こちらが吉原遊郭の入り口「吉原大門(おおもん)」の跡地です。
道路脇の最近作られたと思われる二本の柱に「よし原大門」と書いてあり何とかわかりますが、大きな特徴もない小さな商店がいくつかありそうな普通の道路ですね。
かろうじて赤い電灯がそれらしい雰囲気を演出しているでしょうか?
改めて歴史を紐解くと吉原は江戸幕府公認の遊郭で、元は日本橋近く(日本橋人形町付近)にあったそうですが、武家屋敷の近くまでエリアが拡大しイメージダウンを嫌ったためか移転を決定したとか。そして、この浅草の外れのこのエリアに引っ越してきたそうで、前の日本橋付近を「元吉原」、そしてこちらを「新吉原」と呼んでいたそうだ。
遊郭と言うと風俗街を思い浮かべるが、当時の吉原は最新のファッション、踊りや歌と流行の発信基地であり、赤を基調とした派手な建物に花魁の豪華な衣装などで非日常を演出した街だったとか。吉原神社の解説によると吉原に訪れる人々の約七割は見物目当だったと。アミューズメントパークというか「夢の国」か、一度は見てみたい有名観光スポットでだったんでしょうね。
また、文化人による句会等の文化交流も頻繁に行われていて、そのため和歌や茶の湯などに精通した遊女もいて、幕府のお偉いさんの社交場としても使われていたそうです。
その後、明治以降は社交場としての役割は赤坂や神楽坂などの花街に移り、さらに1957年の売春防止法施行により遊郭としての歴史を閉じました。
それでも現在、新宿などの繁華街ほどではないですが「夢の国」ならぬ「泡の国」の店として残っています。

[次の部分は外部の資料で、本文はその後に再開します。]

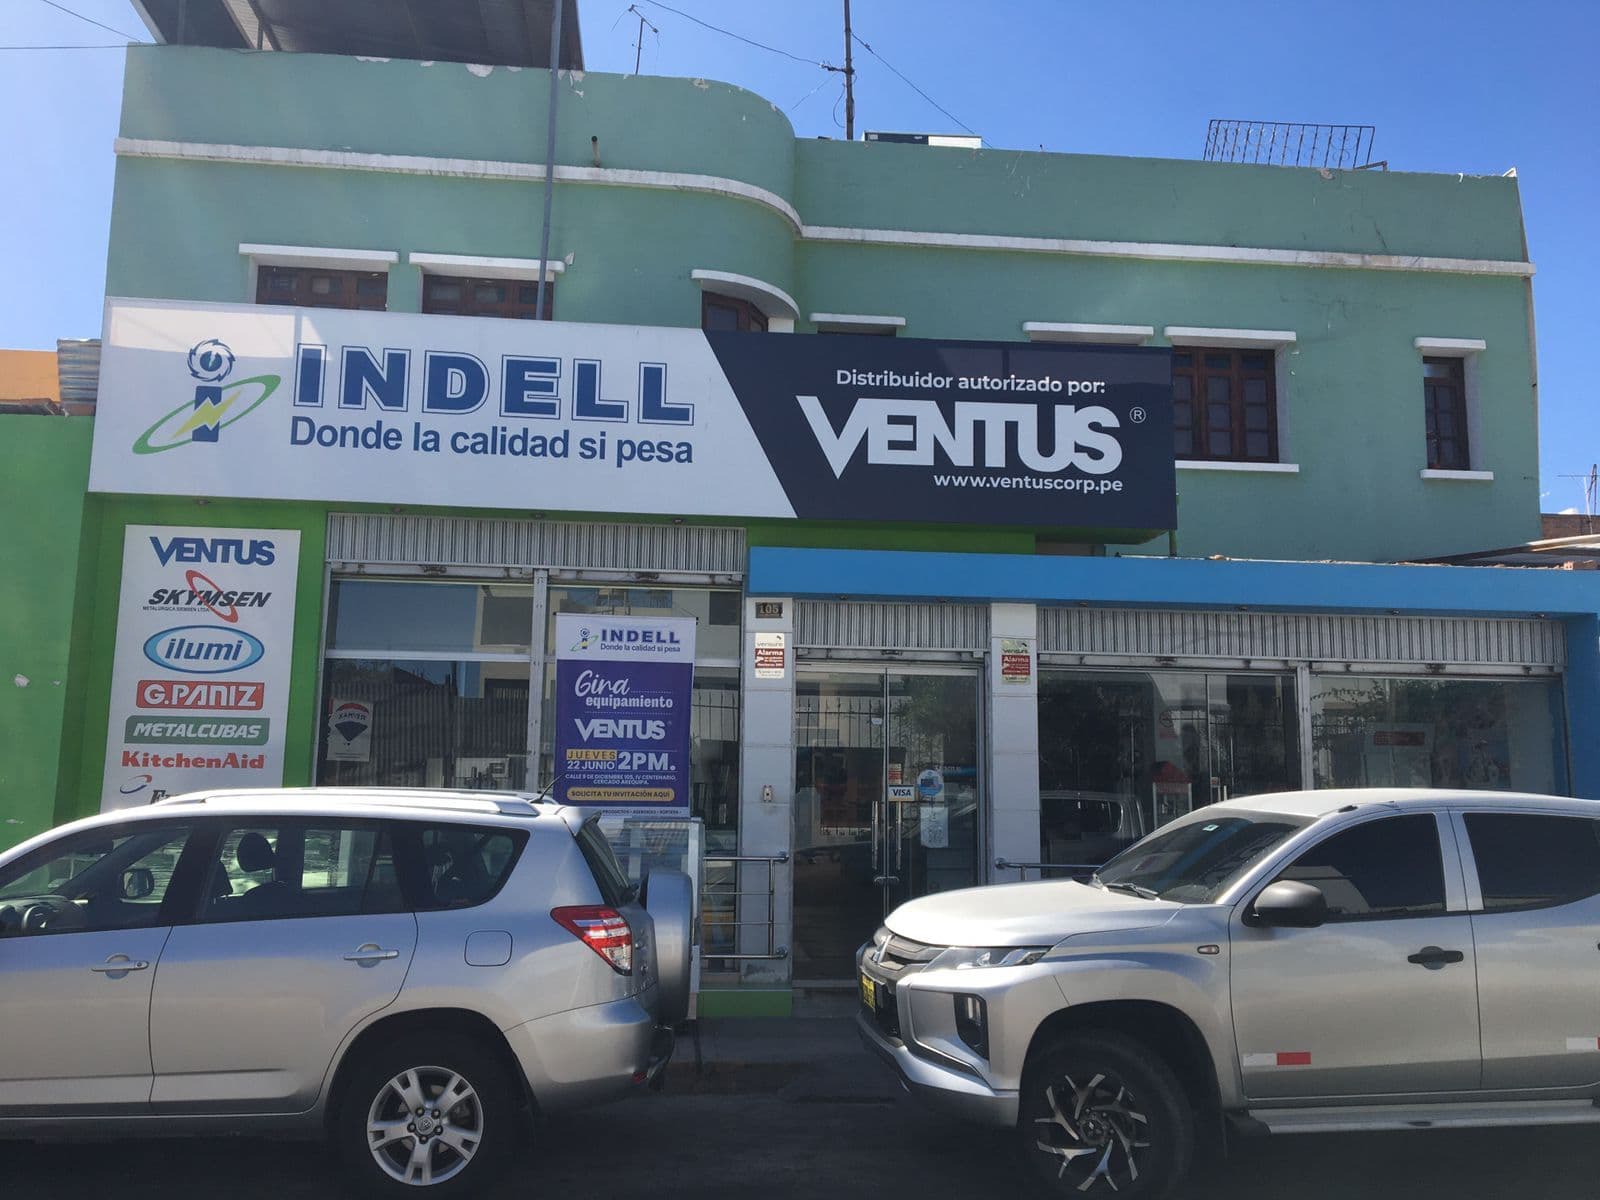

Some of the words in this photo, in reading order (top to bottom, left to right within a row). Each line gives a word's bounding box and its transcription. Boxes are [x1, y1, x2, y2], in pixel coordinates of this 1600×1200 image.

[293, 342, 695, 426] INDELL
[836, 368, 954, 390] Distribuidor
[958, 373, 1063, 393] autorizado
[1067, 378, 1106, 397] por:
[290, 415, 402, 452] Donde
[412, 421, 440, 453] la
[450, 423, 570, 460] calidad
[578, 430, 607, 461] si
[616, 438, 694, 468] pesa
[795, 395, 1123, 480] VENTUS
[933, 473, 1124, 494] www.ventuscorp.pe
[150, 536, 276, 567] VENTUS
[148, 588, 273, 608] SKYMSEN
[601, 628, 680, 644] INDELL
[164, 637, 244, 661] ilumi
[600, 643, 623, 651] Donde
[623, 643, 631, 651] la
[631, 644, 656, 652] calidad
[664, 646, 681, 654] pesa
[574, 669, 631, 697] Gira
[143, 683, 258, 708] G.PANIZ
[585, 695, 674, 709] equipamiento
[132, 721, 262, 740] METALCUBAS
[574, 719, 666, 742] VENTUS
[121, 750, 266, 769] KitchenAid
[567, 750, 617, 760] JUEVES
[567, 760, 580, 770] 22
[581, 761, 616, 770] JUNIO
[617, 751, 677, 771] 2PM.
[571, 790, 604, 798] SOLICITA
[603, 790, 612, 798] TU
[612, 790, 652, 799] INVITACIÓN
[892, 788, 912, 797] VISA

ということで、歴史的興味で吉原を訪ねる場合は昼間に来ることをお薦めします。また、このエリアにある「案内所」は観光案内所ではないので、くれぐれも誤って入らないように。(そんな間違いをする人はいないと思いますが)
大門から東に向かうと、土手通りと交差します。この右手にあるガソリンスタンドの横には、
見返り柳があります。遊び帰りのお客がここで振り返り、別れを惜しんで遊郭の方を見たからこの名前がついたとか。
ちなみに、ここから見ると道路が大きく曲がっているので遊郭は見えないようになっています。これは土手通りを通る大名や将軍たちから見えないようにする工夫だとか。一方、遊郭に行くお客にとってはこのカーブの先に夢の国があるとワクワクドキドキしながら歩いた道なんでしょうね。

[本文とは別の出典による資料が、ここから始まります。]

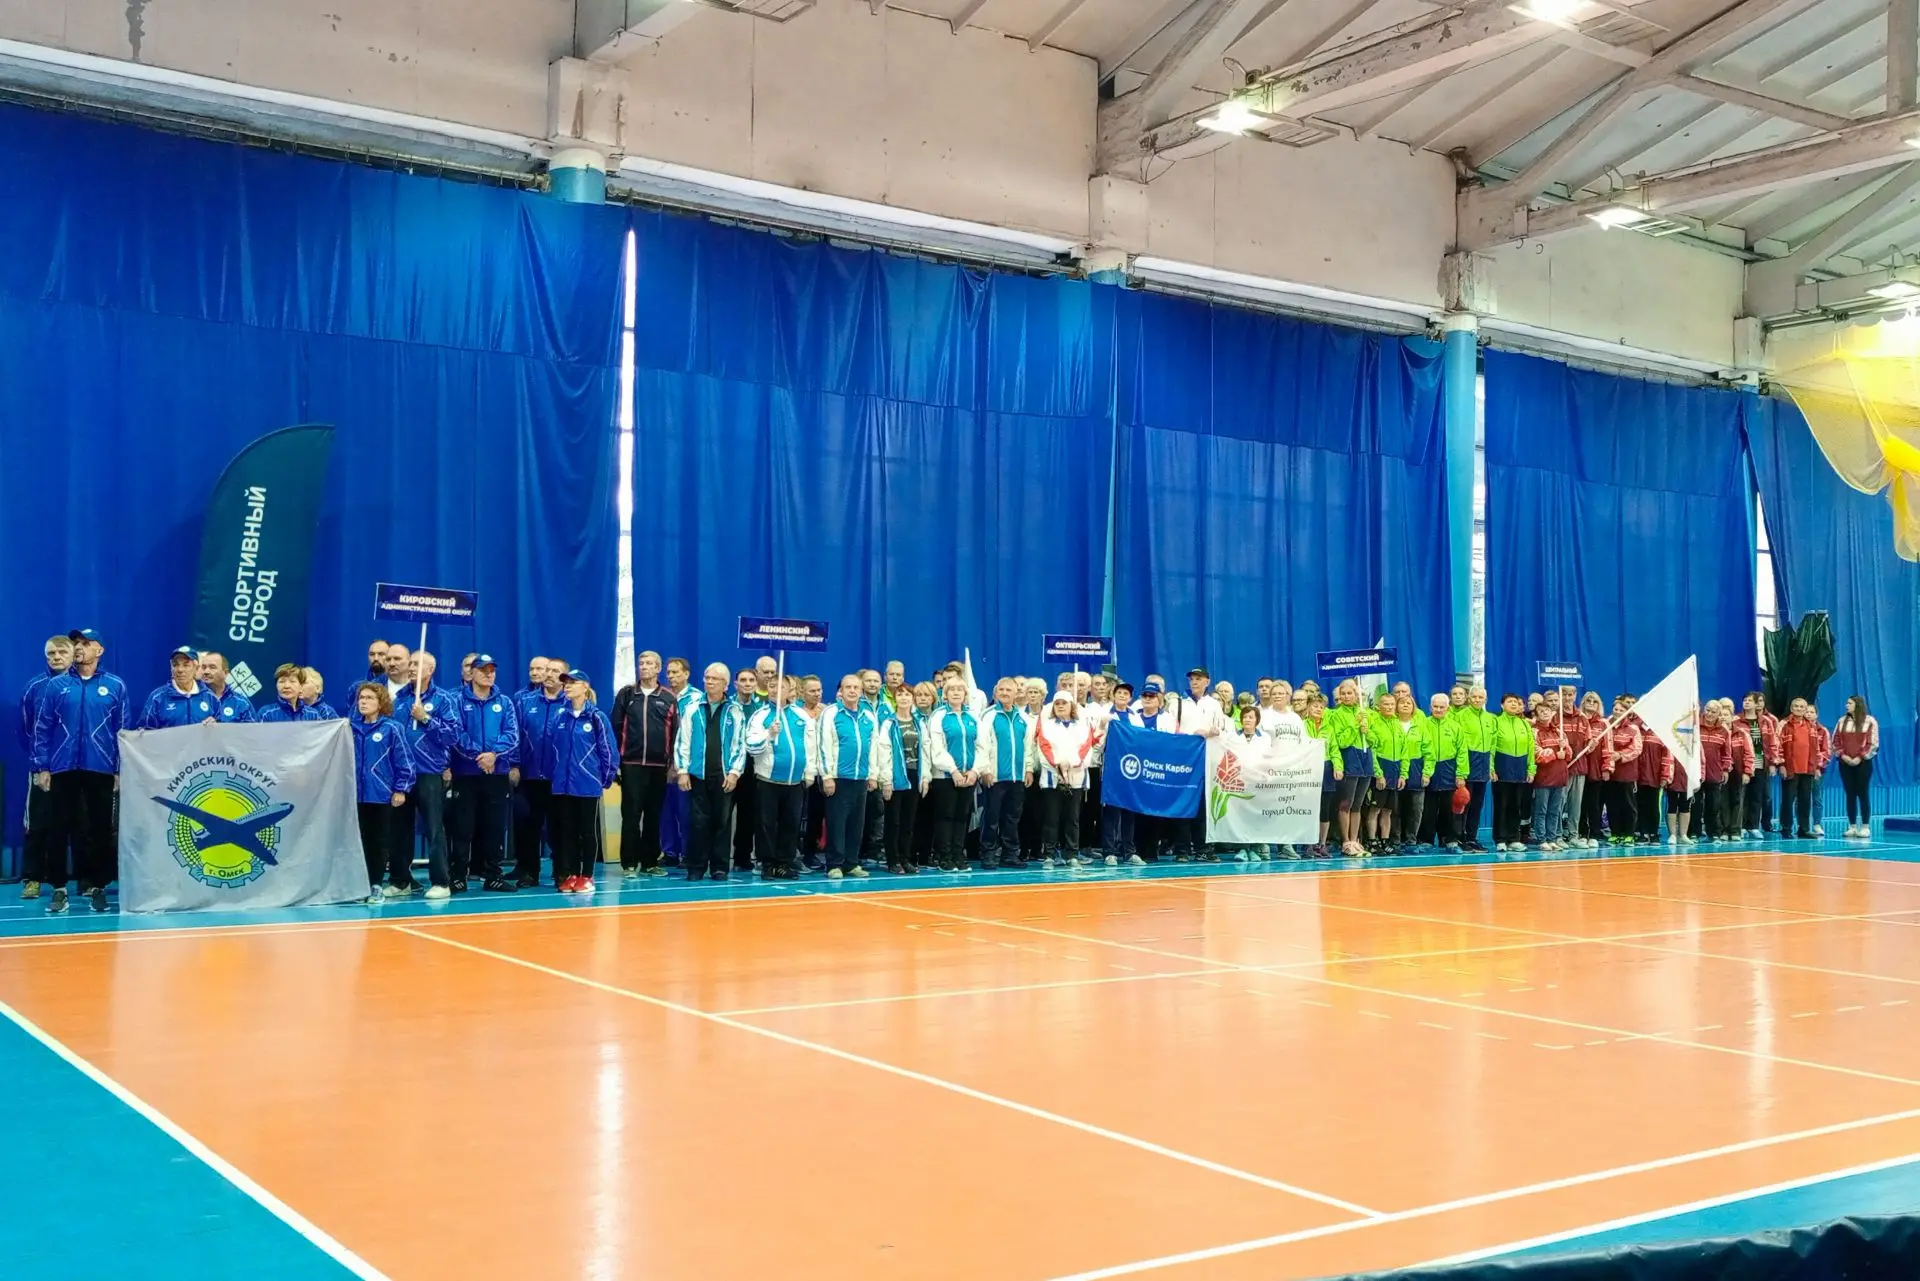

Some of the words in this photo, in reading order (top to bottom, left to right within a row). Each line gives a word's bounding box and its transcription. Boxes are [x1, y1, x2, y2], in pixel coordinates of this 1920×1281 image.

[229, 486, 267, 642] СПОРТИВНЫЙ
[248, 570, 279, 643] ГОРОД
[399, 594, 456, 607] КИРОВСКИЙ
[381, 603, 451, 614] АДМИНИСТРАТИВНЫЙ
[759, 625, 809, 635] ЛЕНИНСКИЙ
[1336, 654, 1379, 663] СОВЕТСКИЙ
[1143, 759, 1165, 771] Омск
[166, 755, 236, 793] КИРОВСКИЙ
[238, 761, 277, 789] ОКРУГ
[1142, 768, 1166, 781] Групп
[1278, 795, 1296, 805] округ
[1261, 808, 1285, 818] города
[1285, 806, 1313, 816] Омска
[218, 867, 245, 878] Омск

次に土手通りを少し北東方向に歩くと、古い建物の前に行列ができています。
こちらは土手の伊勢屋さん。創業は1889年(明治22年)の老舗天麩羅屋です。
その隣は桜肉鍋(馬肉鍋)の中江さん。ここも創業は1905年(明治38年)の老舗です。
さらに北東に進むと歩道にあしたのジョーの矢吹丈が。ここは丹下拳闘クラブがあったとされる泪橋から約500mのところになります。この辺り一帯は「山谷のドヤ街」と呼ばれるところで、一応ここはあしたのジョーの聖地みたいです。
正面から見ると似てない。。。
土手通りと並走する細い道からスカイツリーが見えます。
これが現代の下町の風景ですね。
ここから南西に進むと、途中から脇が細長い山谷掘公園になっています。
途中、こんな船型のベンチがあったり、
ちいさな猫の像があったります。
そして十数分歩くと待乳山聖天(まつちやましょうでん)に到着します。正式名は本龍院。歓喜天(聖天)が祀られています。
このお寺は鬼平犯科帳で有名な小説家の池波正太郎の生誕地でもあります。
こちらの大根は聖天様へのお供え物だそうです。
この寺の向こうは隅田川。言問橋を渡りまっすぐ行くとスカイツリーですね。
昔は吉原に行くのに隅田川から船で来た人も多かったとか。
江戸へ来たら昼間は浅草寺、夜は吉原という鉄板観光コースだったんでしょうね。